§ ENTRIES SUPPLIED
************
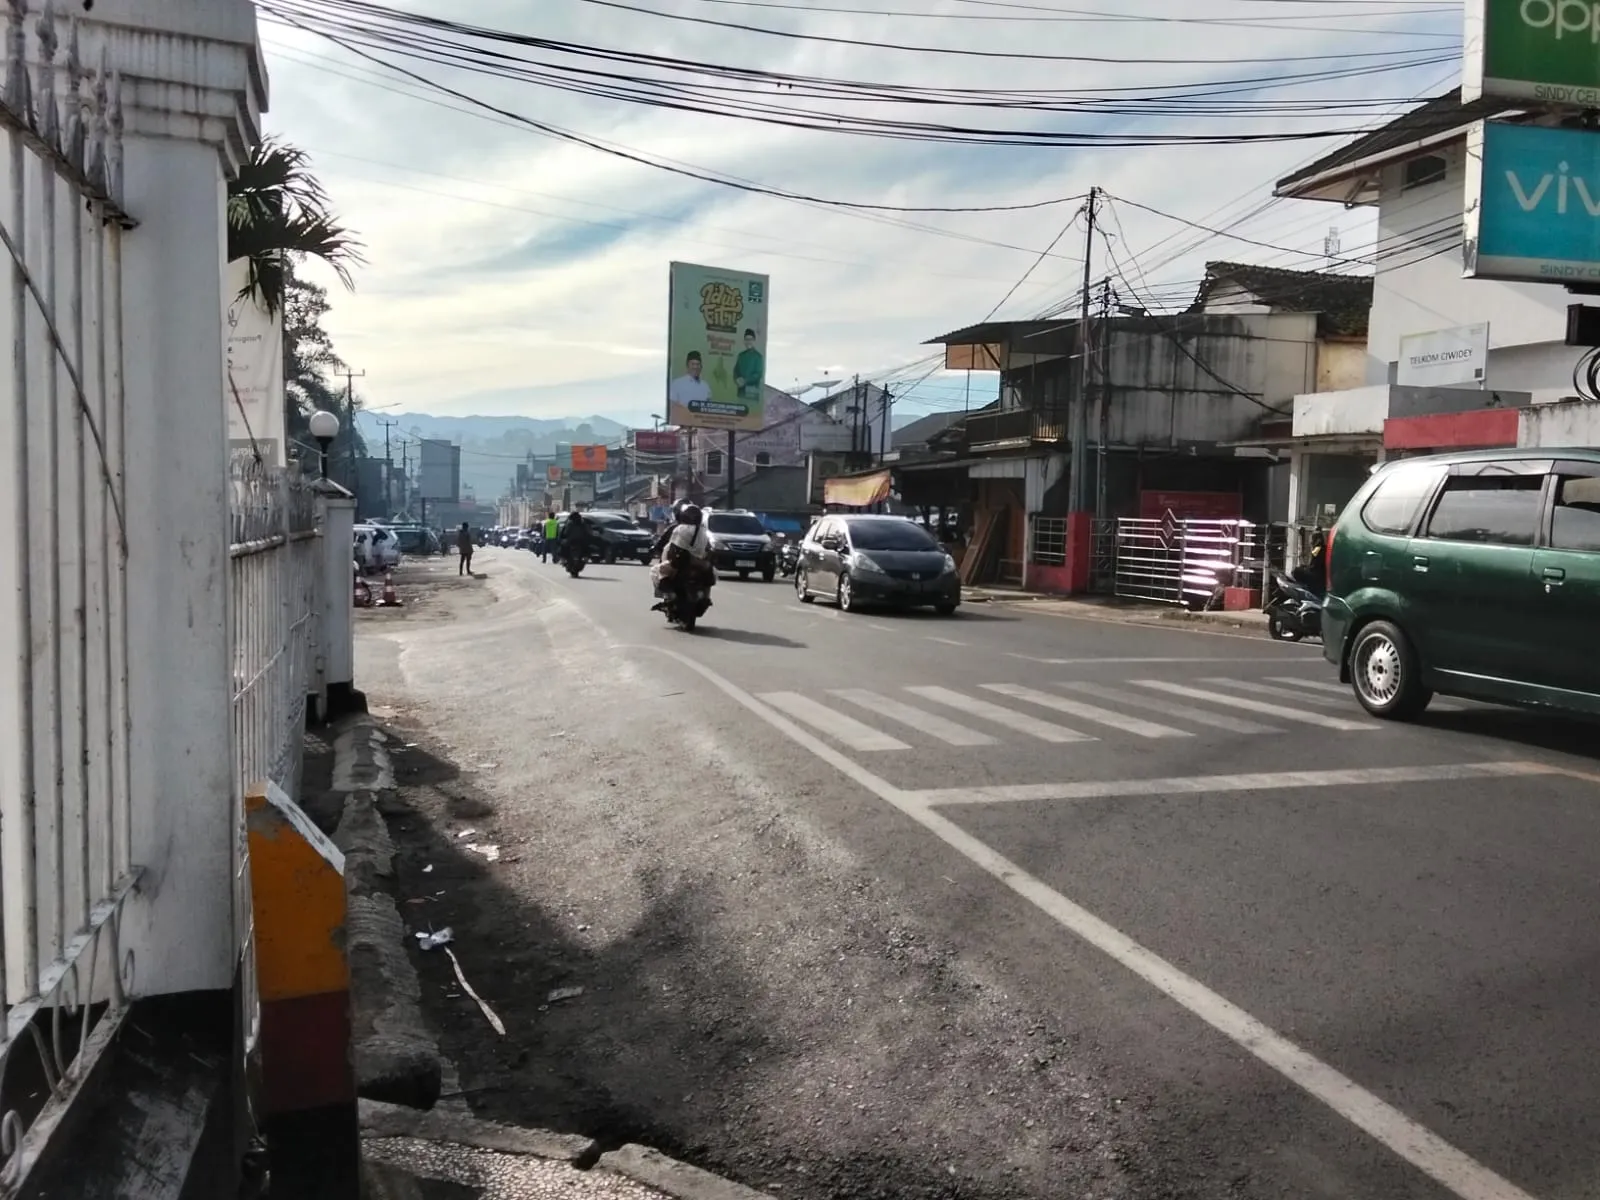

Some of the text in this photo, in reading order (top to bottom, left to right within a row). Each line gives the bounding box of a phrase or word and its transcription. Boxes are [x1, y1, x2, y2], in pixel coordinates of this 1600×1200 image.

[1535, 85, 1574, 102] SINDY
[1540, 264, 1585, 279] SINDY
[1409, 353, 1440, 366] TELKOM
[1440, 347, 1474, 361] CIWIDEY
************
§ PROBLEM DESCRIPTION
Repeat each record exactly as shown above, dropping all images.

§ FINAL ANSWER
Some of the text in this photo, in reading order (top to bottom, left to right within a row). Each line gives the bounding box of a phrase or word and its transcription. Boxes are [x1, y1, x2, y2], in pixel coordinates of this 1600×1200 image.

[1535, 85, 1574, 102] SINDY
[1540, 264, 1585, 279] SINDY
[1409, 353, 1440, 366] TELKOM
[1440, 347, 1474, 361] CIWIDEY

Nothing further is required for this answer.